Talking Super Jeopardy! (1991)
The NES version (composed by Mike Pierone):
“Think!”, Jeopardy!‘s theme from 1984-1991 (composed by Merv Griffin):
I’ve covered Talking Super Jeopardy! in the past, so I’m not gonna go too much into the game that I didn’t already cover there. But I figure this was released alongside Wheel of Fortune featuring Vanna White just so they had a more recent consolation prize for the contestants compared to last year’s 25th Anniversary Edition. I can imagine Johnny Gilbert talking about this game alongside the Jeopardy! Challenge as parting gifts.
Imagineering is credited as the lead developer, which was basically Absolute Entertainment when they were developing games they weren’t publishing. A weird case of living a double life as a publisher and a contract developer at the same time, something you don’t see much of these days.
It’s surprisingly a good rendition of the theme, as far as NES adaptations go. This time it just uses the more iconic portion of theme rather than the build-up portion of the original like in previous installments, though it ends differently than the show’s does. It does feature a rendition of the think music, as well as a bunch of incidental cues that play during right and wrong answers. Oddly, those tracks also appear in the Game Boy and Game Gear versions of Jeopardy!, which I’ve actually talked about in the past as well.

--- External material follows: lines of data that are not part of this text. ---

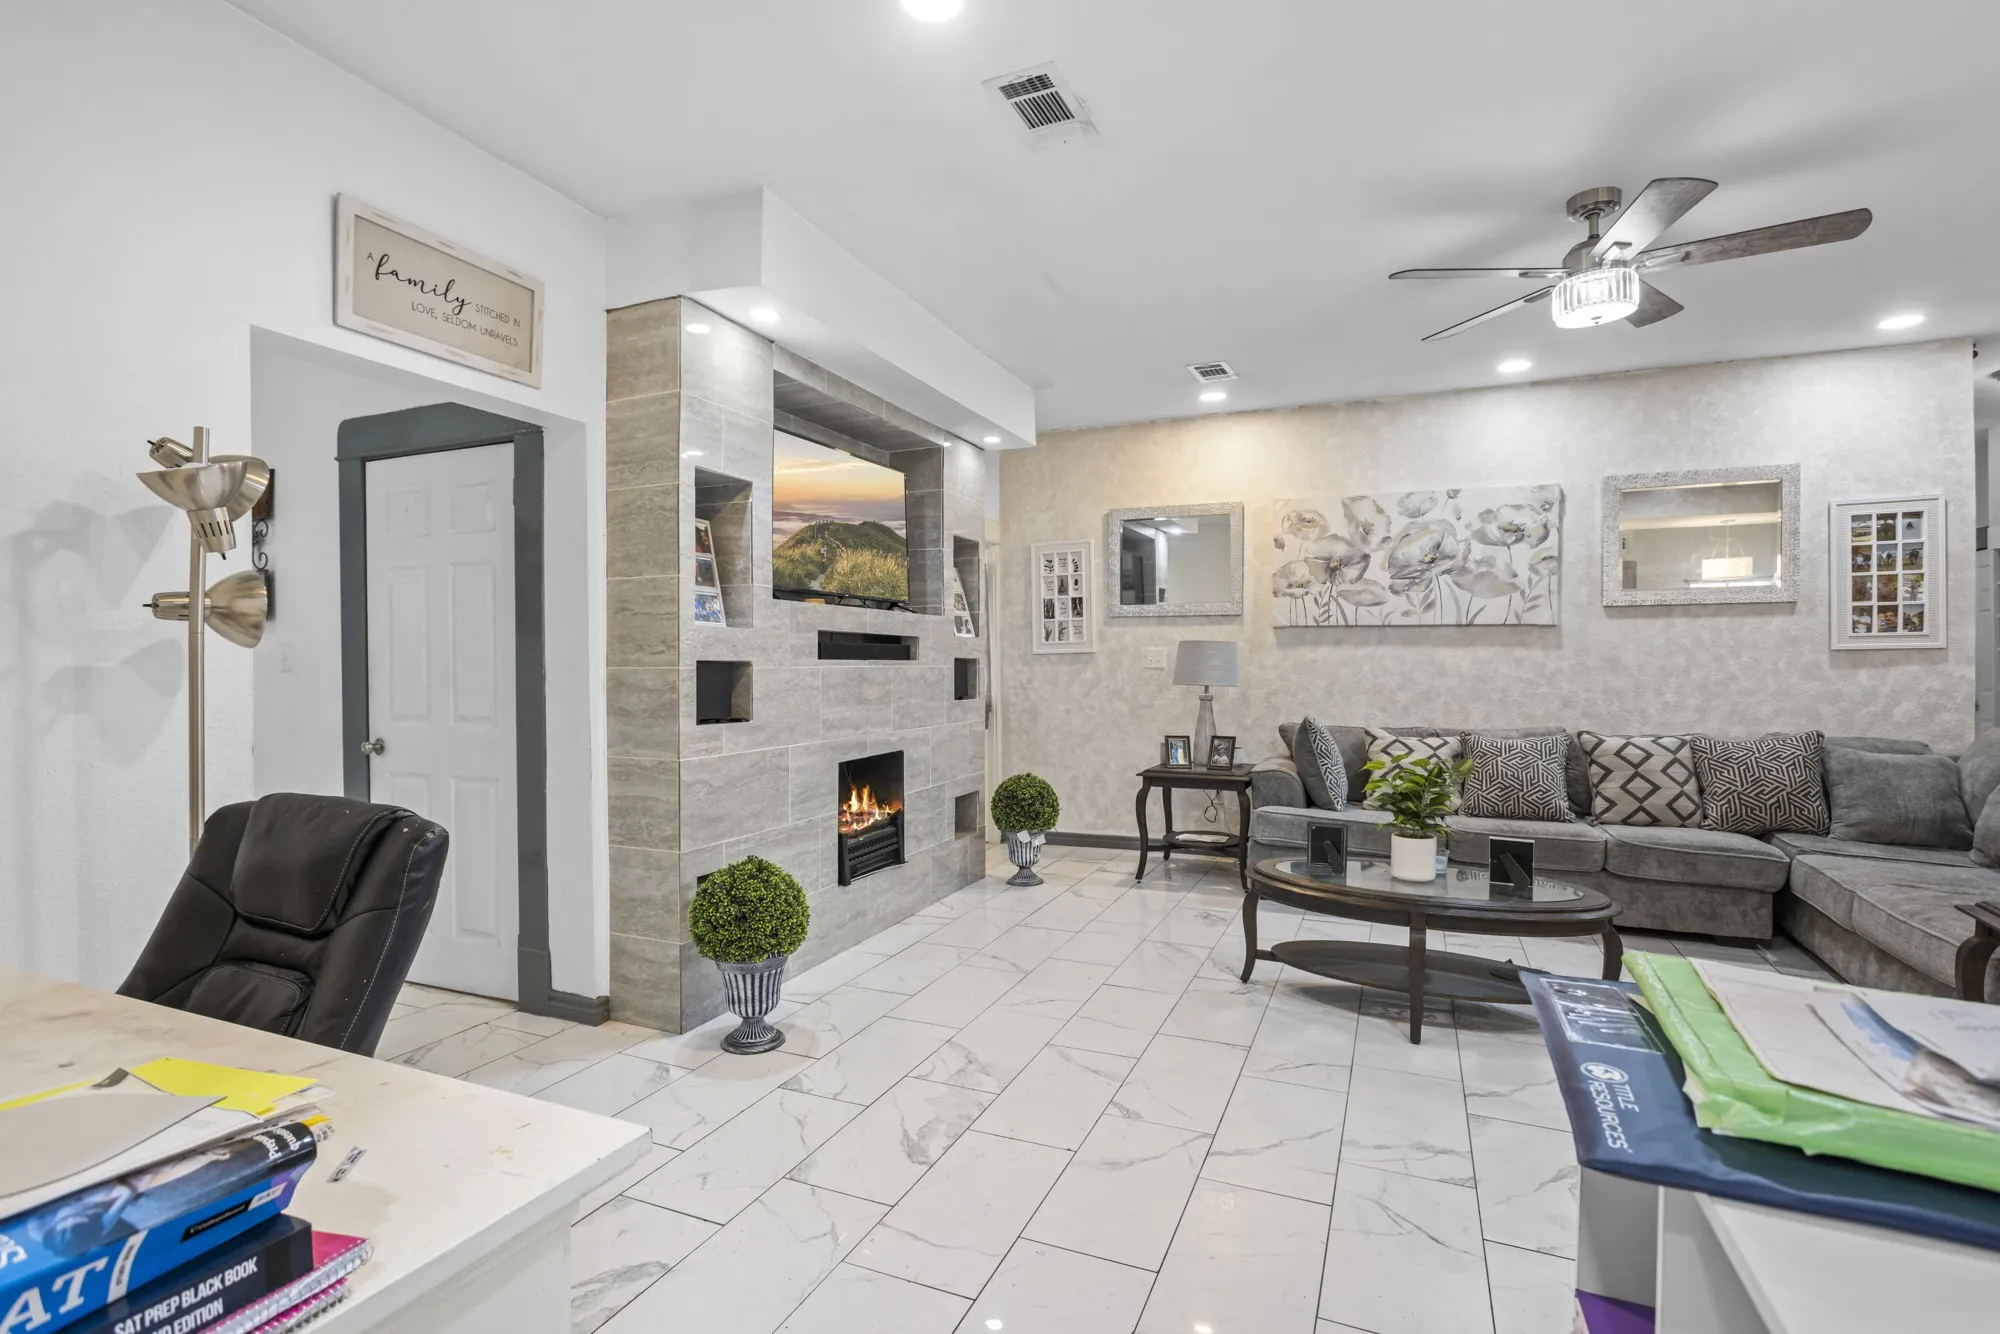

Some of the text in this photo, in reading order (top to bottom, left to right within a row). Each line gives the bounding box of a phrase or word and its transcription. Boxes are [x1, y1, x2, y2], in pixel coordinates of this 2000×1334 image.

[366, 252, 521, 328] A family STITCHED IN
[411, 301, 518, 347] LOVE, SELDOM UNRAVELS
[1587, 1079, 1629, 1149] RESOURCES
[1612, 1084, 1640, 1113] TITLE
[114, 1256, 258, 1334] SAT PREP BLACK BOOK
[173, 1297, 224, 1334] EDITION

I’m not surprised, considering the music’s done by Mike Pierone, an audio designer for a handful of games, including the aforementioned Game Boy and Game Gear Jeopardy! games. This is getting into some serious ouroboros territory, so let’s move on.
Family Feud (1991)
The NES version (composed by Tania Smith):
“The Feud,” the theme from Family Feud from 1988-1994 and 2008-present (originally composed by Walt Levinsky, Ken Bichel and Robert Israel for Score Productions, arranged by Edd Kalehoff):
Family Feud makes its only NES appearance, during the middle of the second series with Ray Combs. Produced by Australian-based Beam Software, this is not one of the better versions. The graphics look poor, the characters are not well drawn, and the host looks nothing like Ray. In fact, I’m pretty sure they confused them with Richard Dawson, because the host will kiss every female avatar, something Ray never really did during his run.
Beam only had a handful of musicians and sound designers, and according to someone asking ex-Beam employee Gavan Anderson, he confirmed Tania Smith was the composer.

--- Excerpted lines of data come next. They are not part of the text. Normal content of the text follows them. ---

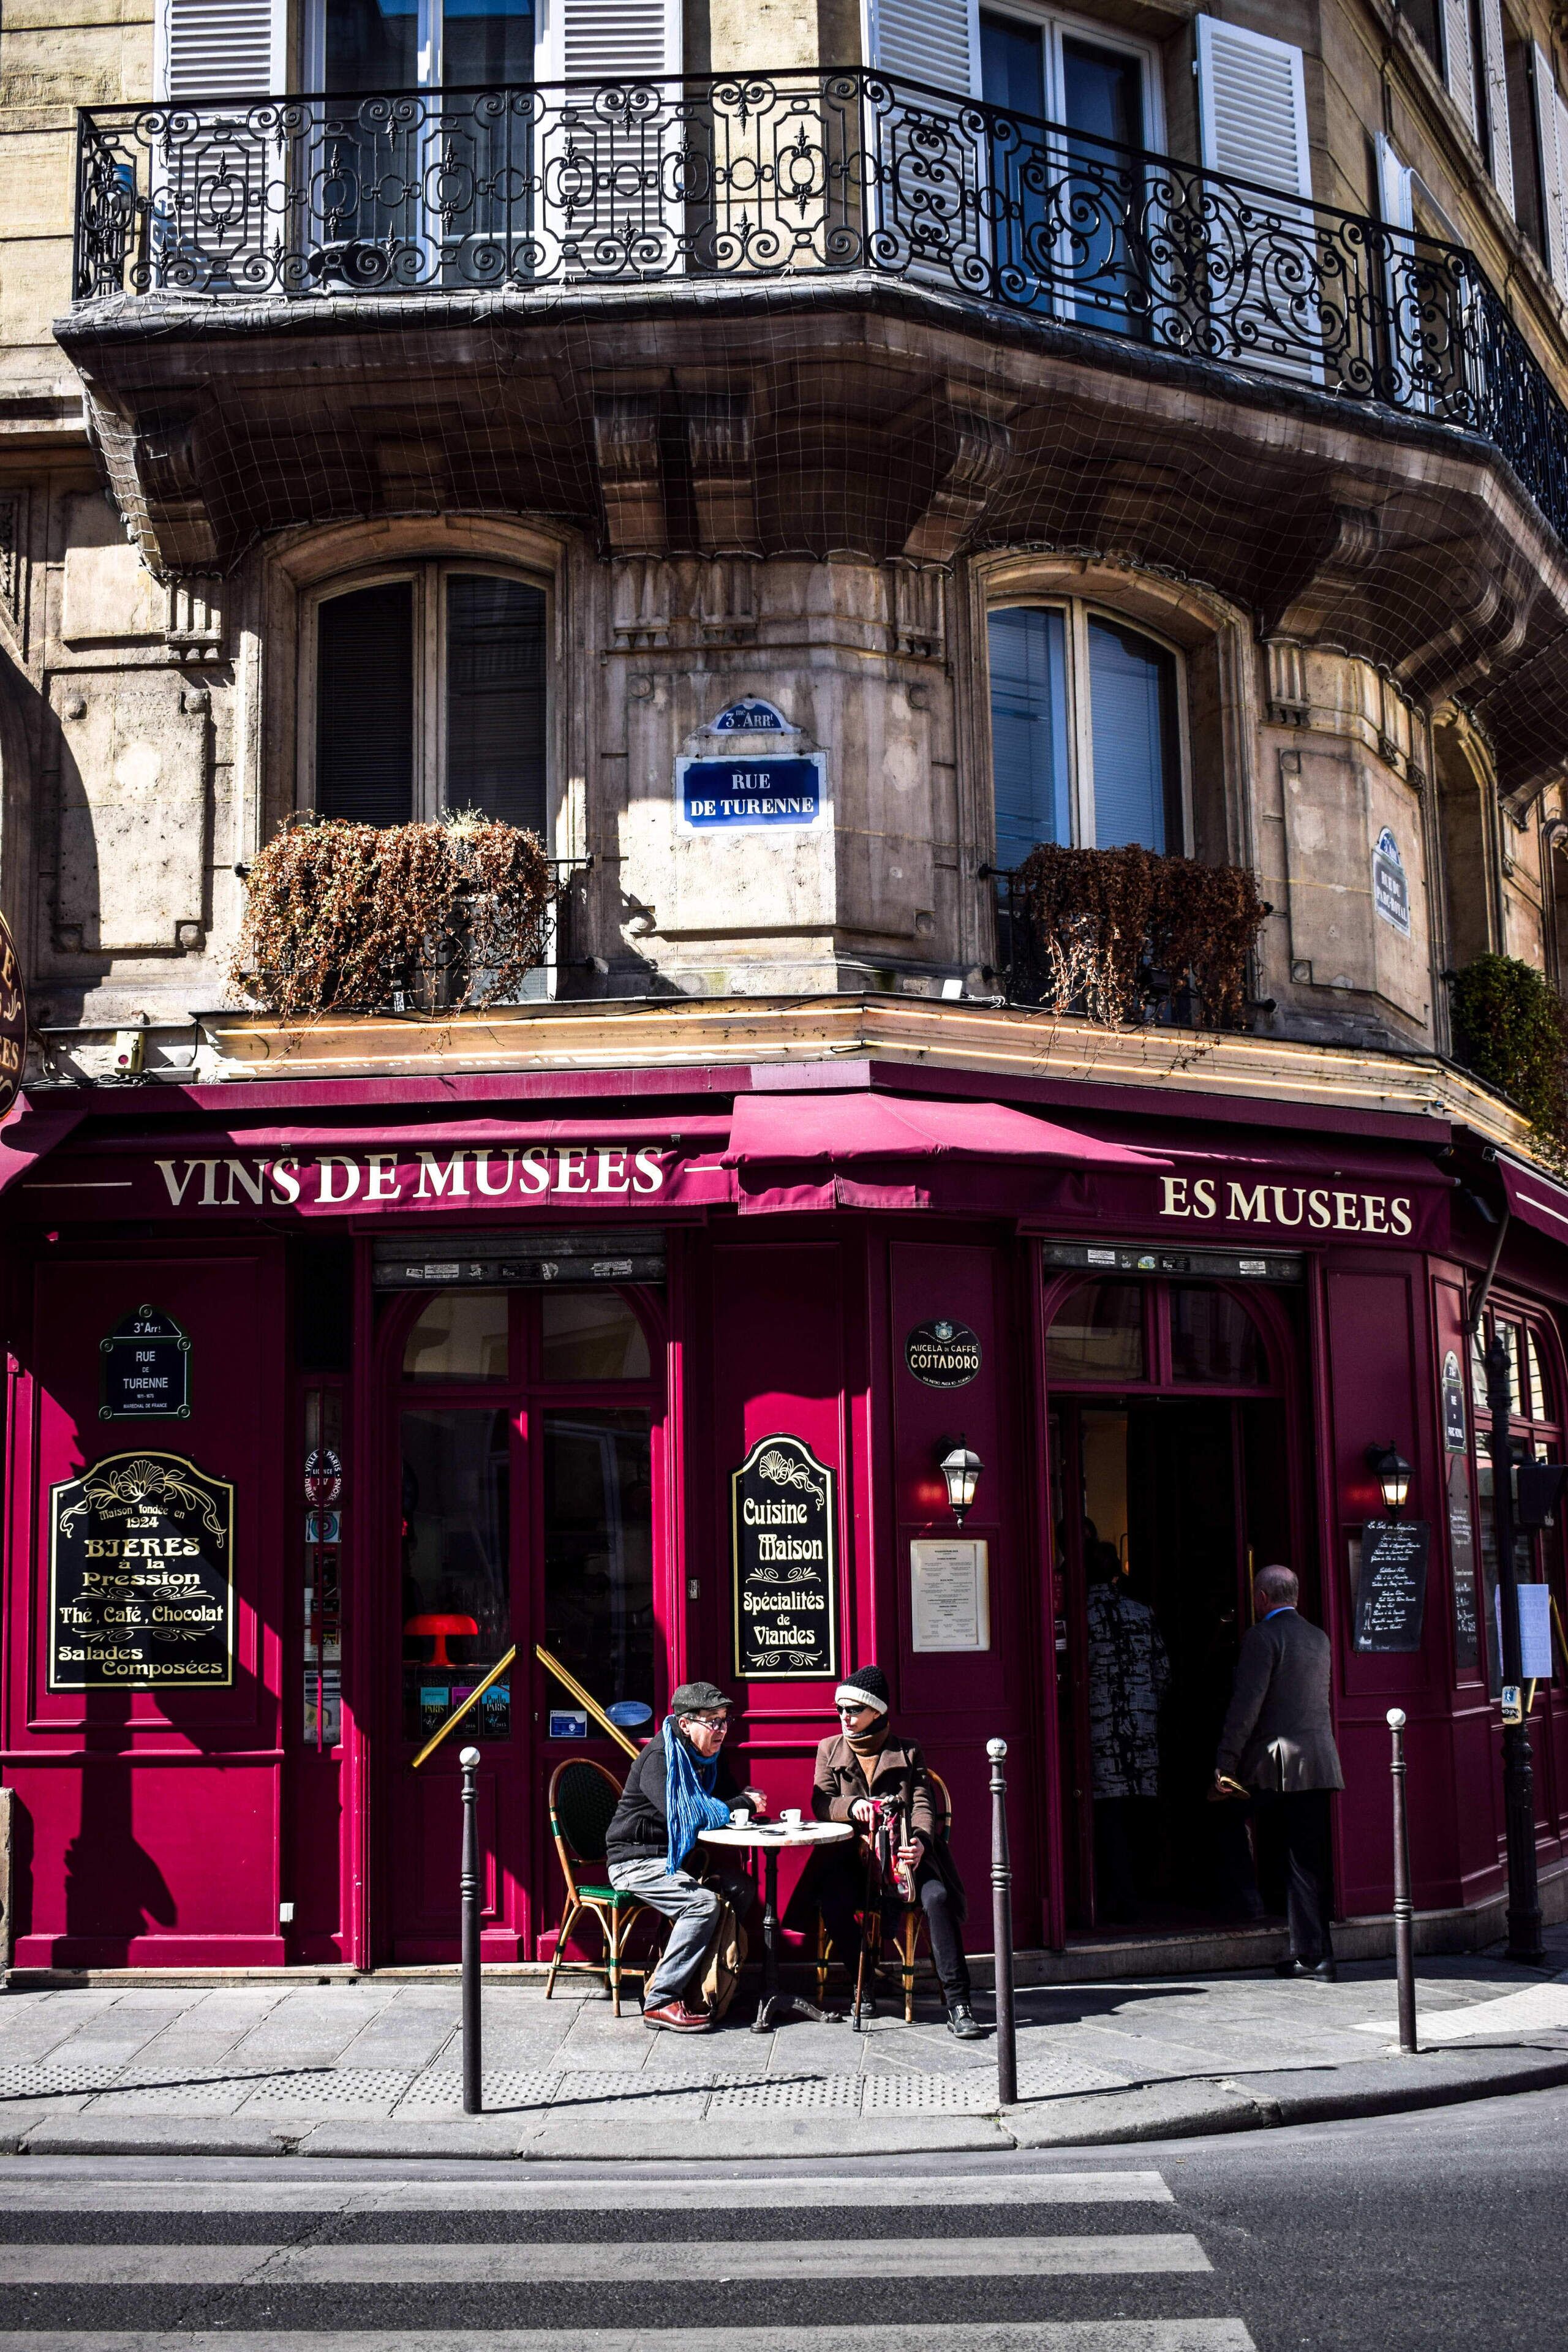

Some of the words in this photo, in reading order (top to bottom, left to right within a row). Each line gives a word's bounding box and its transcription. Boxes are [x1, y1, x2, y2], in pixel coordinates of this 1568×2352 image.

[732, 774, 771, 790] RUE
[691, 801, 716, 816] DE
[720, 797, 814, 815] TURENNE
[154, 1158, 300, 1205] VINS
[314, 1153, 401, 1202] DE
[413, 1147, 663, 1198] MUSEES
[1159, 1176, 1216, 1219] ES
[1226, 1182, 1412, 1236] MUSEES
[136, 1351, 156, 1362] RUE
[910, 1354, 979, 1369] COSTADORO
[123, 1378, 168, 1389] TURENNE
[305, 1452, 318, 1472] VILLE
[326, 1451, 341, 1471] PARIS
[99, 1506, 133, 1520] Maison
[138, 1504, 168, 1514] fondée
[174, 1510, 185, 1519] en
[743, 1498, 808, 1525] Cuisine
[125, 1517, 159, 1528] 1924
[84, 1538, 200, 1558] BIERES
[758, 1534, 823, 1561] Maison
[118, 1559, 131, 1569] à
[146, 1559, 165, 1569] la
[83, 1572, 201, 1586] Pression
[743, 1591, 824, 1615] Spécialités
[153, 1605, 224, 1621] Chocolat
[777, 1614, 790, 1625] de
[753, 1626, 815, 1645] Viandes
[59, 1646, 143, 1661] Salades
[102, 1660, 223, 1679] Composées
[424, 1705, 445, 1714] PARIS
[487, 1703, 507, 1711] PARIS

Alas, the music is in the same mediocre quality as the rest of the game, of which it keeps a steady tempo, uses some of the bars from the faceoff/intro, but then using a portion of the main theme towards the end before it loops.
Even the music sounds too fast. I wonder if this is a similar situation to Back to the Future, another Beam Software project where the music was accidentally sped up.

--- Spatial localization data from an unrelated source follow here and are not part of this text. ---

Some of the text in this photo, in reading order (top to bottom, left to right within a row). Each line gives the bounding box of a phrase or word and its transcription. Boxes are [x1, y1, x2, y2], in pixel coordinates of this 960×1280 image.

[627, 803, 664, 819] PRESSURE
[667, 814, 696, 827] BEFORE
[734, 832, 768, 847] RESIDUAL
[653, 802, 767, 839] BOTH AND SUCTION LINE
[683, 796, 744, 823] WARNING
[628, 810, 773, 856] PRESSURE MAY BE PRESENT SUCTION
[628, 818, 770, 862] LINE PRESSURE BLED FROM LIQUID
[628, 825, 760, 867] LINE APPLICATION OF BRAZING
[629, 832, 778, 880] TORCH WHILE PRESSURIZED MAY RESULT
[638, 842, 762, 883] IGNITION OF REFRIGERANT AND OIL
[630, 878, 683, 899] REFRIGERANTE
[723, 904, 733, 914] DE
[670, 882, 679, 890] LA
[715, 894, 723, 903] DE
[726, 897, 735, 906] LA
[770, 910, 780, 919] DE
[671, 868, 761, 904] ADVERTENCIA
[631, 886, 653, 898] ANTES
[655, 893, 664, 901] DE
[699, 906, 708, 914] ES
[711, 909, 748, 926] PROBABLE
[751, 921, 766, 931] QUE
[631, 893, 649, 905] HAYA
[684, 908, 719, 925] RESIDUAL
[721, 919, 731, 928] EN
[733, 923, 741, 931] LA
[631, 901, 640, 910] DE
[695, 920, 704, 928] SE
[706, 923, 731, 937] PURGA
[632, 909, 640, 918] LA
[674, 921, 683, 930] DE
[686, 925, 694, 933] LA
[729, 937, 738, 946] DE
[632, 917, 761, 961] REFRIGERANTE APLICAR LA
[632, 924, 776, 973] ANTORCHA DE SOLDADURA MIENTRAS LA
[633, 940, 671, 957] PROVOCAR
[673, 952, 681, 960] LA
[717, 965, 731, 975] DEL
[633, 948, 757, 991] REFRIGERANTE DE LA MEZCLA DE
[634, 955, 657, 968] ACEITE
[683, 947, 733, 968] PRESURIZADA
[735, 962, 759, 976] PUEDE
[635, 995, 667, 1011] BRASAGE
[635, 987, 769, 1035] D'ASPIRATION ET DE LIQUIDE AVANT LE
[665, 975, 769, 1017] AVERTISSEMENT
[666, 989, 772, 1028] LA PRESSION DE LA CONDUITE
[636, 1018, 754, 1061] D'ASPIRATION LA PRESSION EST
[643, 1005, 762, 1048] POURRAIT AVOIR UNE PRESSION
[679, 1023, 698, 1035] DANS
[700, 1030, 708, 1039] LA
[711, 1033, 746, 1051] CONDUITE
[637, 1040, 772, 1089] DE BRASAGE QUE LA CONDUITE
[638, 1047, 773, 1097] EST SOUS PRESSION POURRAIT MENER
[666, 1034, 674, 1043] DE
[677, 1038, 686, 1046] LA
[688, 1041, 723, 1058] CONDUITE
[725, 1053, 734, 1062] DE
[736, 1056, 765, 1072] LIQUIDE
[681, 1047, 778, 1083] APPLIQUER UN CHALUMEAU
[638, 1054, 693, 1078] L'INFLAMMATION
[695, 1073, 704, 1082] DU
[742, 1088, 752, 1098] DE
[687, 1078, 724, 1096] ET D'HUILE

Since the game came out in 1991, I assume they were using the 1980s arrangement of the theme with the synthesized drums, the one the show still uses today. It’s close, but not exact. Much like the rest of this game. I guess you could do worse for a Family Feud game.
Classic Concentration (1990)
The NES version (composed by Rob Wallace):
The intro theme to Classic Concentration (composed by Paul Epstein for Score Productions):
Okay, this is arguably the anomaly in the GameTek catalog. So far we’ve had Beam Software, Rare and Imagineering do adaptations, developers with pedigrees of making lots of different games for various publishers. However, this one was developed by Softie, a small studio that also did contract work but more for the personal computer side of things. They were Sharedata’s go-to developer for a lot of their PC game show adaptations, and it’s weird to see them make an NES game. Wouldn’t be their last, as they’d bring a game based on the Harlem Globetrotters to the NES as well.
As for how close the adaptation is, it’s a bit weird. Wild Cards are prevalent, but oddly no Take! cards. First to solve two puzzles wins the game, which was the rules by this point in the show’s run. And the car game is still the normal 35 seconds needed to win. Oh, and no Alex Trebek.
There’s no visible credits for the NES version, but it’s been confirmed from composer Rob Wallace that it was “the first thing he worked on” with sound designer Bruce Sandig. His work is mostly licensed stuff, like the abysmal Wayne’s World DOS adventure game and surprisingly, Monster Bash.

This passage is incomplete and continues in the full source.